The effect of Temperature on the Convection Zone of Concrete (Experimental-Numerical Study)

The durability-based design of reinforced concrete structures especially in hot marine environment of Bandar-Abbas became extensively important during the last few years. It has been known that the durability of concrete mainly depends on how easily seawater containing chloride ions can ingress into an unsaturated concrete (Sabir et al., 1998; Hubert et al., 2003; Prabakar et al., 2010; Yoo et al., 2011). Chloride-induced corrosion of embedded reinforcement is more severe in tidal condition because of more ingress of chloride due to moisture convection phenomena. (Broomfield, 1997; Olajumok et al., 2009; Akindahunsi et al., 2010). In is necessary to approximate the moisture distribution in concrete due to wetting and drying cycles for determination of the moisture convection zone. The moisture transfer coefficient (MTC) is one of the most important parameters for prediction of moisture distribution. The moisture distribution is often influenced by environmental conditions such as temperature. The changes of the depth of convection zone can be assessed if MTC is available in various temperatures.

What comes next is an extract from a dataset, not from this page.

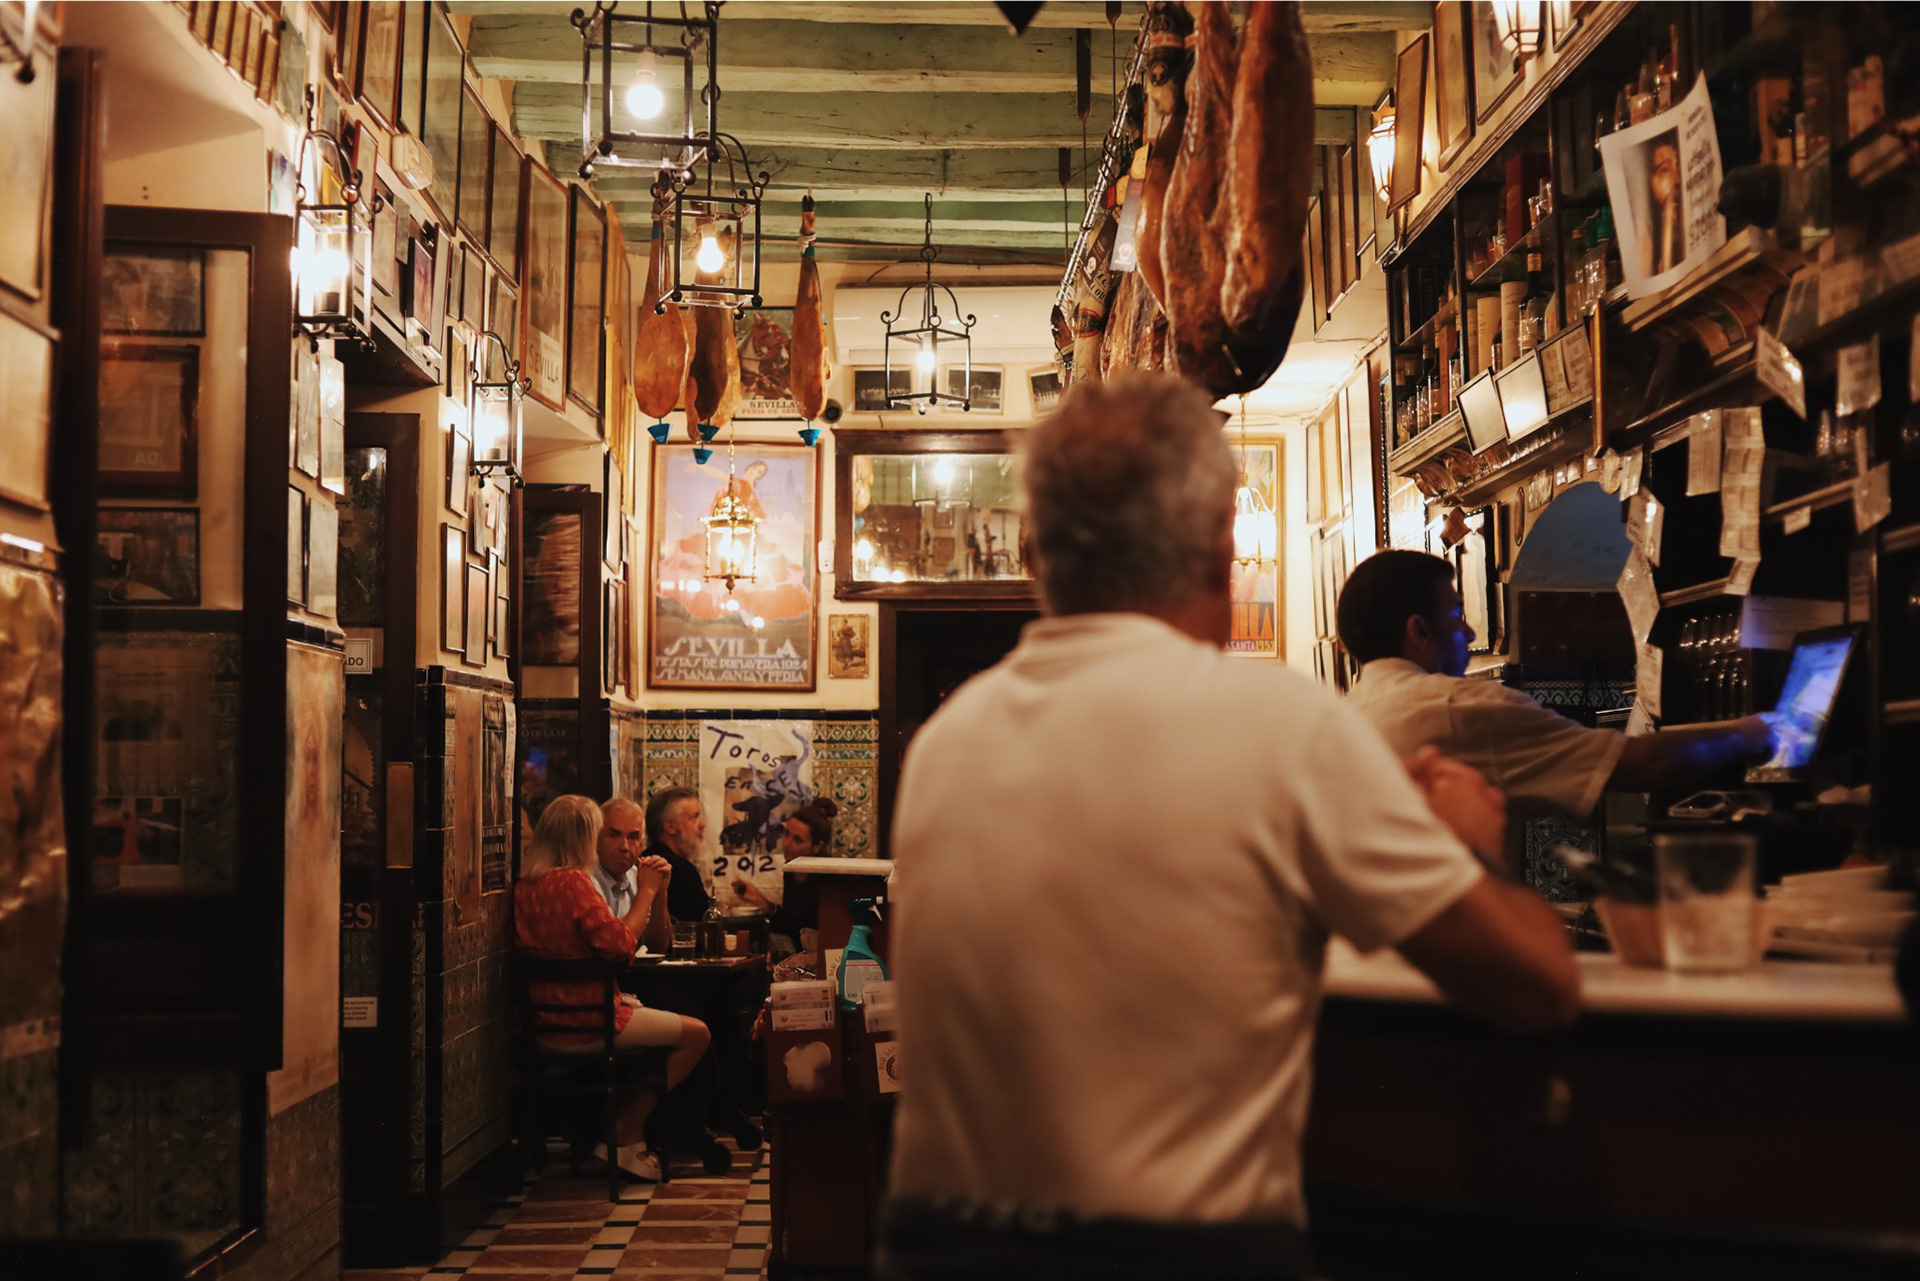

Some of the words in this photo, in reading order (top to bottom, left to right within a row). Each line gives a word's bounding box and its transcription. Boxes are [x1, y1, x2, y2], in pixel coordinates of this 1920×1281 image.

In this research, six concrete mixtures were prepared in which four plain concrete mixtures were proportioned with water to cementitious materials (w/cm) ratios of 0.40, 0.45, 0.50, and 0.55. In addition to the plain concretes, one silica fume and one natural zeolite blended concrete mixtures with cement replacement levels of 7.5, and 10% and a w/cm ratio of 0.45 were considered. The moisture loss or water absorption of specimens exposed to wetting and drying were measured using the gravimetric method at temperatures of 23, 43, and 63 ºC. A finite element analysis was performed afterward to fit the experimental data to the governing equations of moisture transfer to determine the MTC. The moisture distribution of concrete exposed to wetting and drying and then the depth of convection zone (DCZ) are determined using approximated MTC and finite element-based model. The amount of water entered (AWE) to concrete surface subjected to tidal condition is also calculated.